DATA SHOWN
- - -

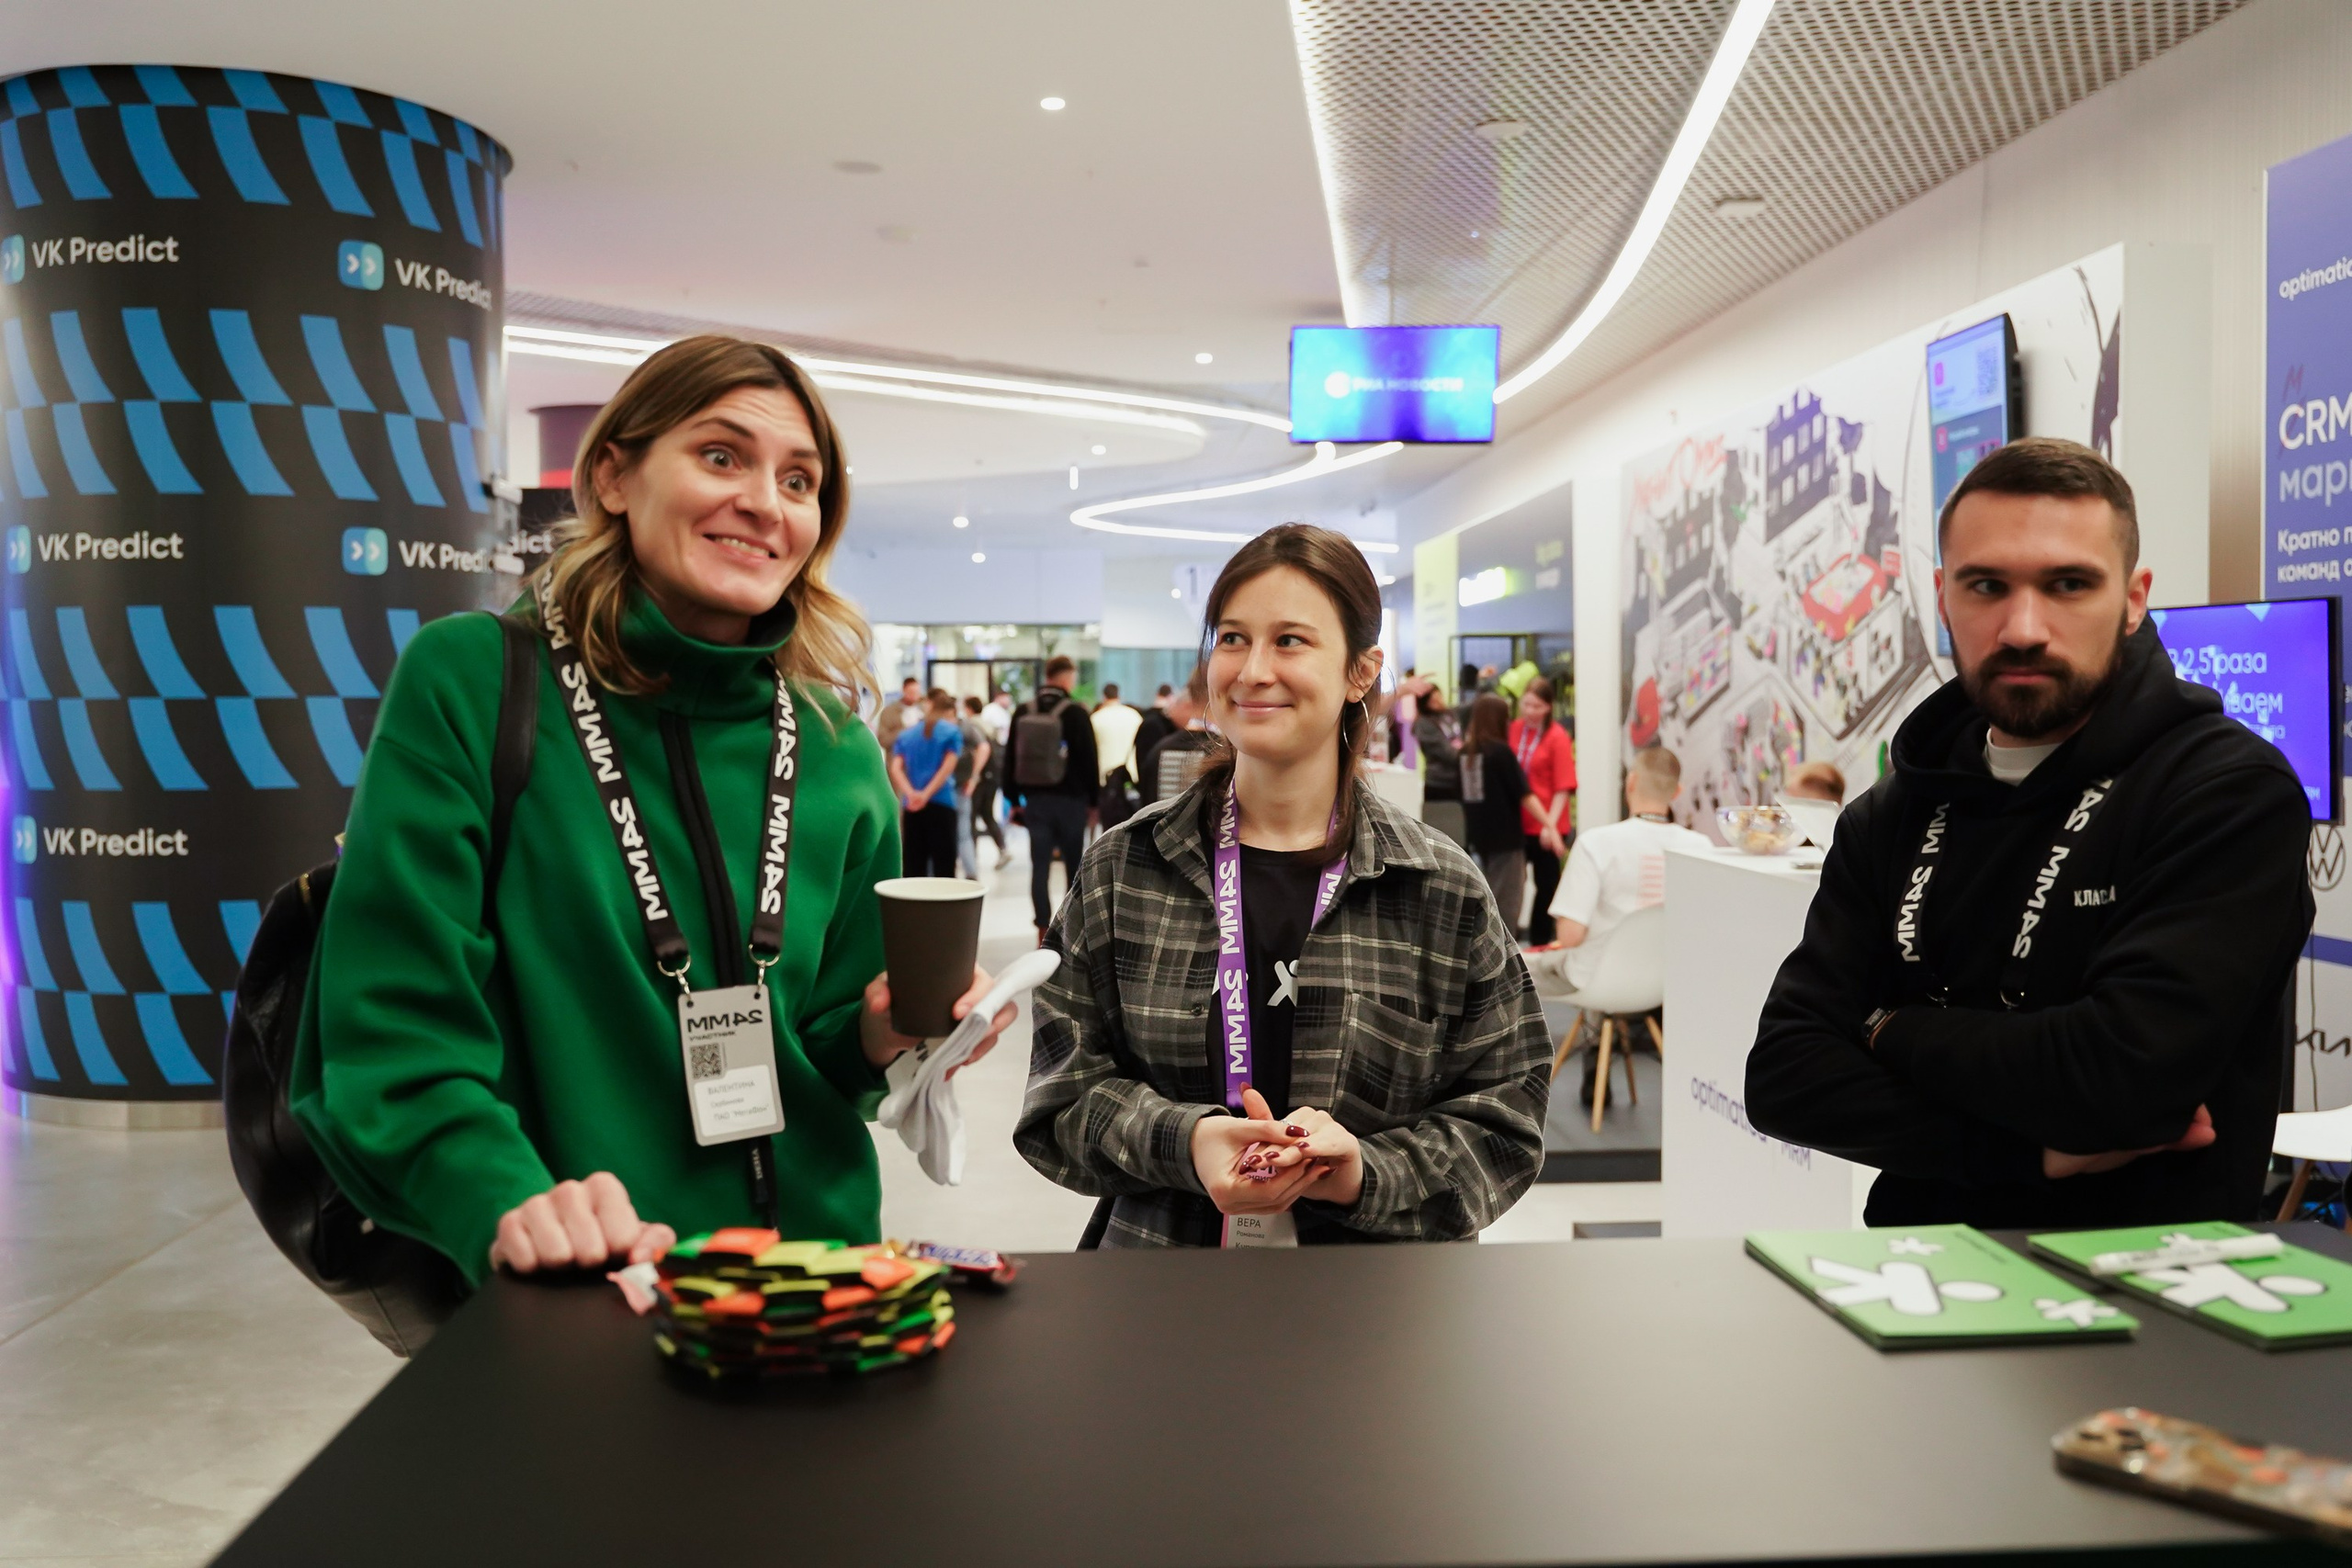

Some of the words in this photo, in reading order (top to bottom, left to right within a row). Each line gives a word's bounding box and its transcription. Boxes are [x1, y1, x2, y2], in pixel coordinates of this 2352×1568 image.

[31, 237, 65, 269] VK
[69, 233, 180, 265] Predict
[394, 257, 432, 292] VK
[38, 532, 71, 562] VK
[75, 530, 184, 560] Predict
[398, 539, 436, 570] VK
[2278, 527, 2341, 557] Кратно
[2278, 559, 2341, 583] команд
[43, 827, 76, 856] VK
[81, 827, 189, 857] Predict
[1237, 1217, 1261, 1229] ВЕРА

- - -

INSTRUCTIONS TO FOLLOW
Retype the listing exactly. Leave the pictures out.

FINISHED TASK
Some of the words in this photo, in reading order (top to bottom, left to right within a row). Each line gives a word's bounding box and its transcription. Boxes are [x1, y1, x2, y2], in pixel coordinates of this 2352×1568 image.

[31, 237, 65, 269] VK
[69, 233, 180, 265] Predict
[394, 257, 432, 292] VK
[38, 532, 71, 562] VK
[75, 530, 184, 560] Predict
[398, 539, 436, 570] VK
[2278, 527, 2341, 557] Кратно
[2278, 559, 2341, 583] команд
[43, 827, 76, 856] VK
[81, 827, 189, 857] Predict
[1237, 1217, 1261, 1229] ВЕРА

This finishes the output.